With promo code TWIVC from Mark Suster, might get freebe for 3 months.

==========================

So, for the problem in the blog post, as I read Hacker News, etc., if I find
an article, blog post, fact, etc. that, as in the blog post, I believe might
be useful to me, then I put some relevant data on my disk. For an HTML file,
typically I will pick an appropriate directory in my taxonomic hierarchy, in a
text window use my tree walking scripts to get to the directory, use a KEdit
macro to pick a name for the file and put its tree name on the clipboard, have
my favorite Web browser get the tree name from the clipboard and save the file
as that tree name.

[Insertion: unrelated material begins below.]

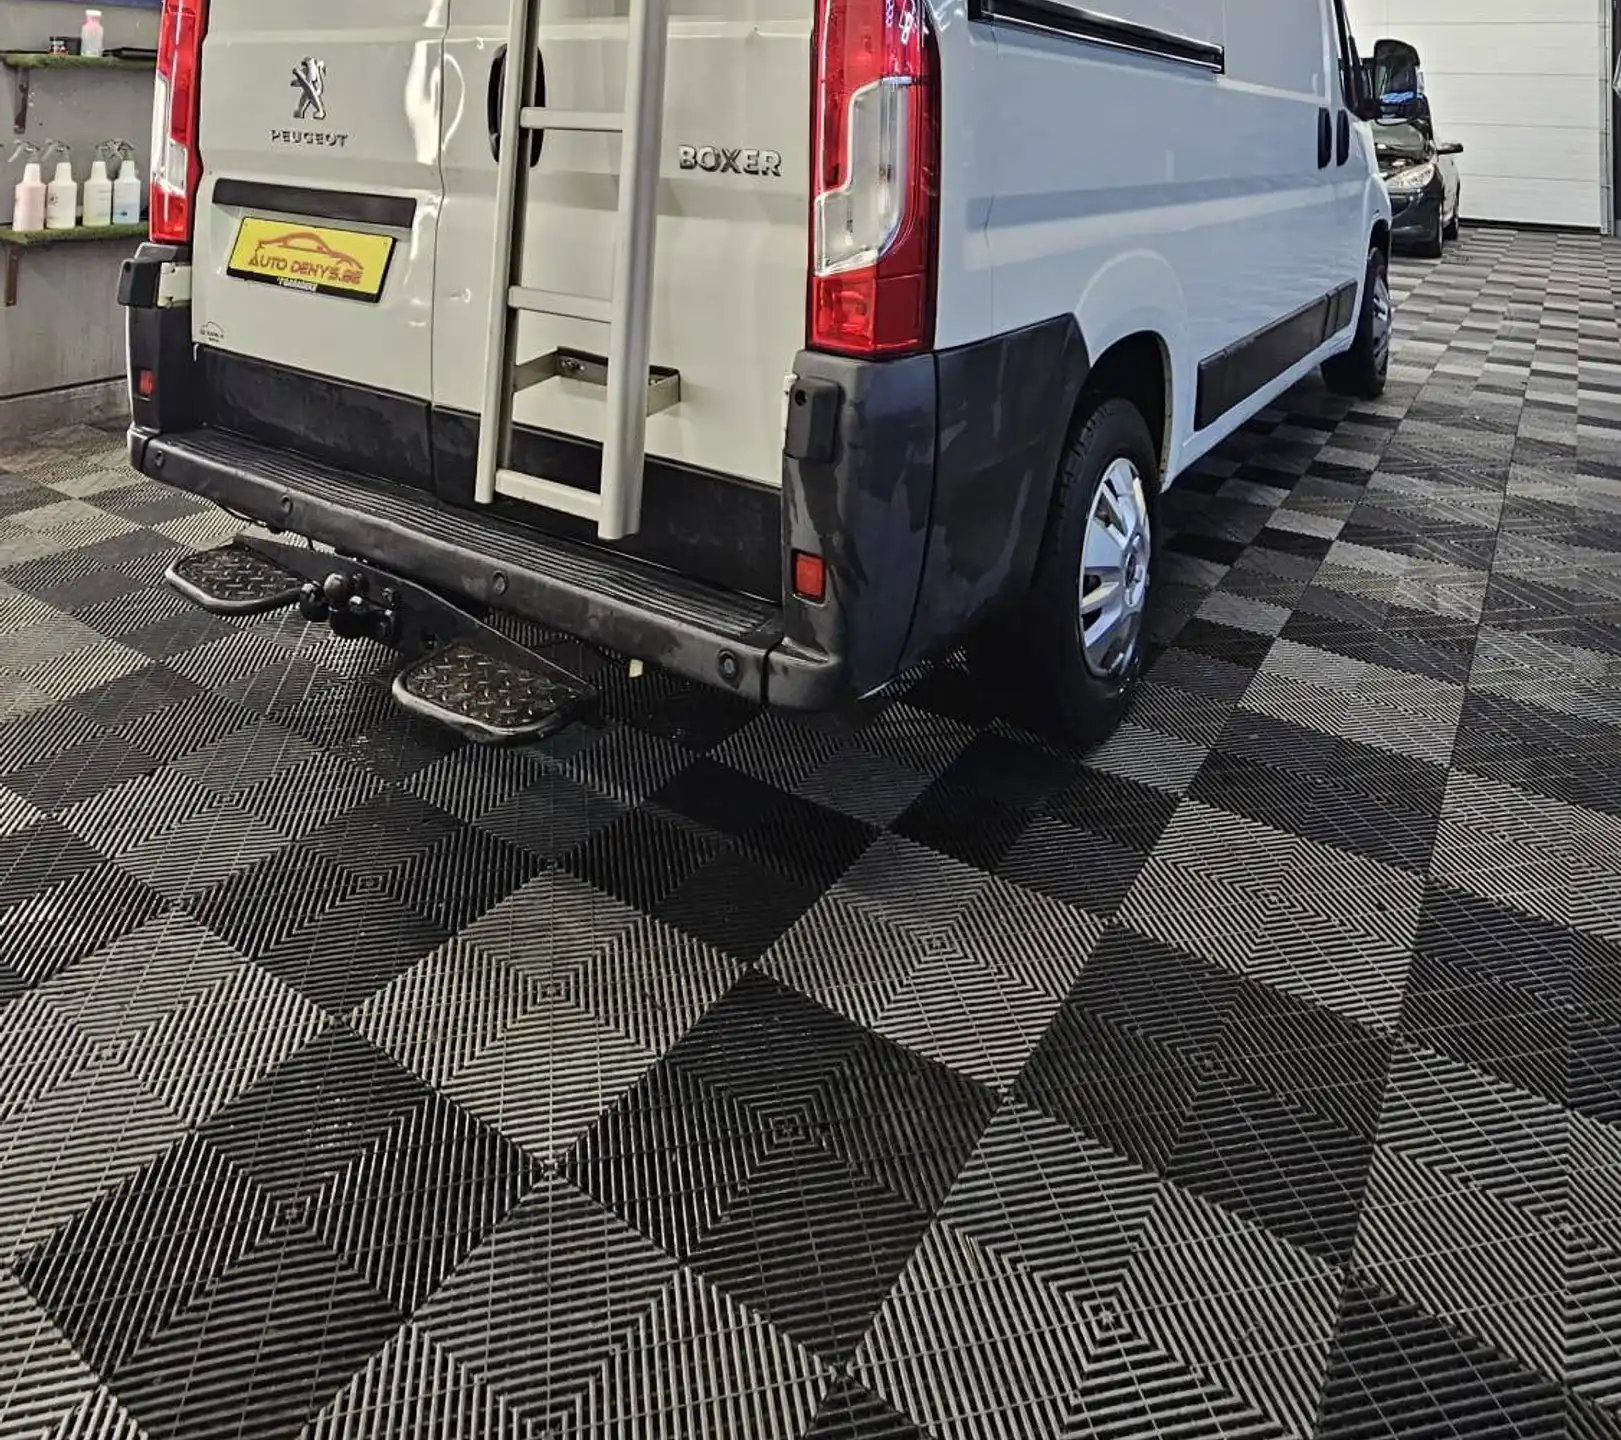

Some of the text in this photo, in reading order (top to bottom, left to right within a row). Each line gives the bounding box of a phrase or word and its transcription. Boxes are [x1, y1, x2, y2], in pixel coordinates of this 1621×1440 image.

[271, 129, 348, 148] PEUGEOT
[678, 143, 782, 177] BOXER
[248, 254, 288, 271] AUTO
[290, 260, 364, 285] DENYS.BE

Then I have another KEdit macro help me put an entry in the
DOC file for that directory describing the file.

So, to find things, a first approach, which usually works, is just to do some
tree walking in my taxonomic hierarchy.

If that fails, then using Microsoft's program FINDSTR (a weak version of a
good version of the standard Unix program GREP -- there is likely a good
version of GREP for Windows, and likely I should get one) is usually enough.

If I am really looking for 'information' on a topic, then, again, the
taxonomic hierarchy is a good approach, the DOC files in relevant directories
can be better, and my little system Facts can be still better.

Net, the problem in the blog post I believe I have solidly solved: I keep
stuff, my own and from the Internet, and can find the stuff either as specific
files or starting with just a topic.

As in a kitchen, a few, good, simple tools can be the best approach.

------
localhost3000
I forgot what the point was already.